Facebook posted stronger-than-expected earnings for the 4th quarter and saw profits increase as revenue streams from advertisements are on the rise and online users continue to creep upward. This comes amid an extremely uncertain climate for big tech companies. Revenue hit $28 billion for the fourth quarter and daily active subscribers peaked at 1.84billion. Such numbers leave many wondering what could be cause for concern.

Uncertain political climate sends stocks sliding

Increased Facebook users and subsequent profits are no real surprise as 2020 saw populations at large being confined to their households on a regular basis. This led to far more individuals being active participants on social media platforms for longer periods of time throughout the past year. What has come as more of a surprise is, although Facebook reported a strong overall financial performance, still found their stock price slipping. Tuesday saw the price of Facebook stock fall below the 52-week high.

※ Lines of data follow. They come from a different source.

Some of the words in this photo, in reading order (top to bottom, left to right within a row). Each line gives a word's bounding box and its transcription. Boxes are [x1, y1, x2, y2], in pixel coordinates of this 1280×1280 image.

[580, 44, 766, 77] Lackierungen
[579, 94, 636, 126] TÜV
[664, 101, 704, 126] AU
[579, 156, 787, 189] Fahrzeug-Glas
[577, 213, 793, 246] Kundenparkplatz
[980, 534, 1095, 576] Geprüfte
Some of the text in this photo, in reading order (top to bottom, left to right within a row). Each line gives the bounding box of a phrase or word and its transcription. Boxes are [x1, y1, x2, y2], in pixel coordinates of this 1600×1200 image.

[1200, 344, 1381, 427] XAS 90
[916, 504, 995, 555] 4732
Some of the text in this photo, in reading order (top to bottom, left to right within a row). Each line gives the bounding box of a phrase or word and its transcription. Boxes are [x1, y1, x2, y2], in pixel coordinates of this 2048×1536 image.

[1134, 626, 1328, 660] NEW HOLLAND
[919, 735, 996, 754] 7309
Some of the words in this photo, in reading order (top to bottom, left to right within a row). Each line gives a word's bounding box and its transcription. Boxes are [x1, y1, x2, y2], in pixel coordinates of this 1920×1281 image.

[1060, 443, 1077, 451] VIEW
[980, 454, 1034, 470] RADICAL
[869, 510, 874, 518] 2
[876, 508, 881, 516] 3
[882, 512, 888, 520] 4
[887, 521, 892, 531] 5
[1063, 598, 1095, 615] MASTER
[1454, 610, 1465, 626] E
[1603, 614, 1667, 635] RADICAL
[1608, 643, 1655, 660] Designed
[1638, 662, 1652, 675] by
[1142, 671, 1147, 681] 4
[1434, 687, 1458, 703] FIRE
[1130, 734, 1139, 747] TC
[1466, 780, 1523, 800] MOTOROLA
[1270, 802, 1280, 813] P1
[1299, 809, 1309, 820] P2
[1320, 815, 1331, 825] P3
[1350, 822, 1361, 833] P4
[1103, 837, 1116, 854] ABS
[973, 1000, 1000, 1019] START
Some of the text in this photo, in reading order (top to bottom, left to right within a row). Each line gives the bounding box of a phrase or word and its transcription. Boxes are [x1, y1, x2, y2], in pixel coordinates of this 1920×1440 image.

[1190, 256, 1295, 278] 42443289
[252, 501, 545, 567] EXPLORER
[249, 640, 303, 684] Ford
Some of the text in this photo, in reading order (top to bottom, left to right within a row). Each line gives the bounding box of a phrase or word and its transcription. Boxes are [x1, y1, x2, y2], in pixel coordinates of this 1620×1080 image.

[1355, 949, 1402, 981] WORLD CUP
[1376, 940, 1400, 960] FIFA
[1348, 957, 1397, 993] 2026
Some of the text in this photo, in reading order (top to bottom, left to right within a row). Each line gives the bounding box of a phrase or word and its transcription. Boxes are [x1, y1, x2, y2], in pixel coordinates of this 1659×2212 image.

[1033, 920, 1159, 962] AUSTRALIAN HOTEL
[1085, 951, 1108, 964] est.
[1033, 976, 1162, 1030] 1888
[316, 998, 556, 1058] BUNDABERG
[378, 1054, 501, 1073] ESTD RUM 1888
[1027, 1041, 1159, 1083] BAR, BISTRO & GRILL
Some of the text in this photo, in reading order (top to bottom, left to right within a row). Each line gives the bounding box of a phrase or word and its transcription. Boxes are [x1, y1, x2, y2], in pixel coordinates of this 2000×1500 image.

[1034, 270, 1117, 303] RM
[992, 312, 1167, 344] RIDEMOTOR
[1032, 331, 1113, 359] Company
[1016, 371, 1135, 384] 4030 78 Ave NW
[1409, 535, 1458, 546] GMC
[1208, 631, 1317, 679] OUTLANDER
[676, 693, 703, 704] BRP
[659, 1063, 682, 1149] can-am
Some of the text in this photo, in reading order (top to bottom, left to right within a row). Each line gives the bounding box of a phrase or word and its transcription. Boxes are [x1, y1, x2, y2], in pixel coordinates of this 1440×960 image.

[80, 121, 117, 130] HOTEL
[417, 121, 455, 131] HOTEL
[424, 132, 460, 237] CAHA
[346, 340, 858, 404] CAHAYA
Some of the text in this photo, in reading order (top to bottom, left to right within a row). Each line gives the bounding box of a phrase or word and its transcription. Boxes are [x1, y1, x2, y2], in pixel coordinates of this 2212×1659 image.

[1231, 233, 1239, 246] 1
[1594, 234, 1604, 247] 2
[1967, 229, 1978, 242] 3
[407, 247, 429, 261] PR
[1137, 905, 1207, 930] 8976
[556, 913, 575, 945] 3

With the screws tightening on big tech monopolies, regulatory changes are imminent. Europe is set to introduce new laws which restrict the transferral of users’ data from mainland Europe to the US. With a new administration at the helm in the White House, further regulations may come into play. As such, an uncertain time awaits not only Facebook, but all online platforms that have become synonymous with advertising and mass online social interaction.

For now, Facebook continues to manage the blowback caused by their decision to ban Donald Trump. On top of which, the platform’s promotion and handling of political advertising has put them in an unfavourable light. With the Fair Trade Commission attempting to limit Facebook’s empire, investors are looking to the next quarter for signs of what is to come.

Future outlook

Big tech companies are set to undergo significant changes if legislation is amended in an effort to curtail the overarching dominance that these companies have within the market. From advertising to shaping perceptions and opinions, the tangible and intangible effects of Facebook and the like have merged into one. The eagerness of independent agencies to counteract Facebook’s reach is palpable. Will they succeed? We’re not quite sure.

One thing is for sure and that is that Facebook will continue to dominate the online advertising sphere. Facebook is deeply entrenched throughout the online advertising process. As the company finds itself with the lion’s share of ad revenue, stock analysts are less concerned about impending regulatory changes, and the effect these changes will have on the platform.

Therefore, many see Facebook as an “out-perform” stock over the next 12 months and we don’t see why this won’t transpire. Truth be told, Facebook has established itself as an insurmountable player within the online community and one would be brazen not to back Facebook to continue to drive home its advantage.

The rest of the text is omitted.